Žalimas's chairmanship was notable for the 2019 Constitutional Court ruling that same-sex marriages registered in the European Union can be recognized for residency purposes, and he expressed the belief that the Constitution of Lithuania should not allow discrimination by gender identity or sexual orientation. His term continued until 2021, when he was replaced by Danutė Jočienė.

Married, wife – Ingrida Danėlė-Žalimienė, a lawyer, Head of the Department of Social Sciences at the European Humanities University , Doctor of Social (Law) Sciences, Associate Professor, and former Chancellor (Secretary General) of the Constitutional Court.

==Political career==
Žalimas was a member of the Homeland Union from 1995 to 2001. From 2001 to 2003, he was a member of the city council of Vilnius. In the 2009 European Parliament election in Lithuania, he ran on the Homeland Union list.
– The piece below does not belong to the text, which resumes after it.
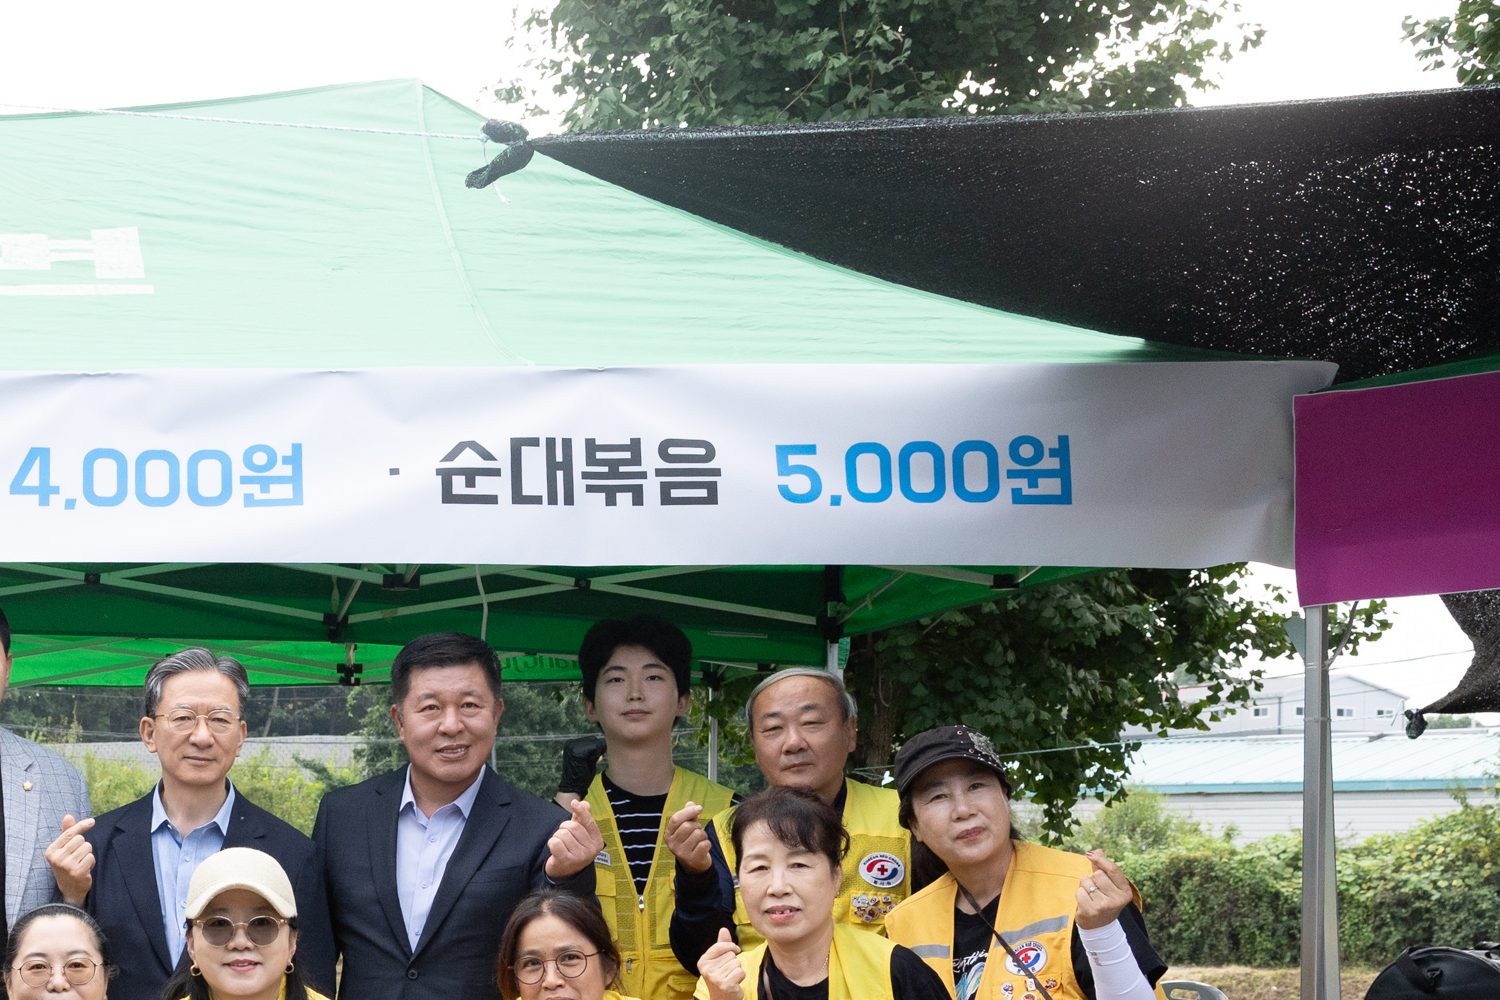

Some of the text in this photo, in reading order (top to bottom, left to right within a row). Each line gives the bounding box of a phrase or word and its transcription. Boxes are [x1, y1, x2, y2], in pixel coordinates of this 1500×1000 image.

[8, 443, 305, 511] 4,000원
[435, 435, 723, 507] 순대볶음
[775, 433, 1073, 507] 5,000원
Since his retirement from the Constitutional Court, he has remained active as a political commentator, and has expressed his support for Ukraine during the Russian invasion of Ukraine, endorsed same-sex partnerships, and criticized the use of migrant pushbacks during the Belarus-European Union border crisis. He criticized Ignas Vėgėlė for his sceptical position towards restrictions during the COVID-19 pandemic in Lithuania.

On 14 November 2023, he announced his intention to run for president with the support of the Freedom Party.

He expressed his support for the "yes" vote in the 2024 Lithuanian constitutional referendum on permitting multiple citizenship.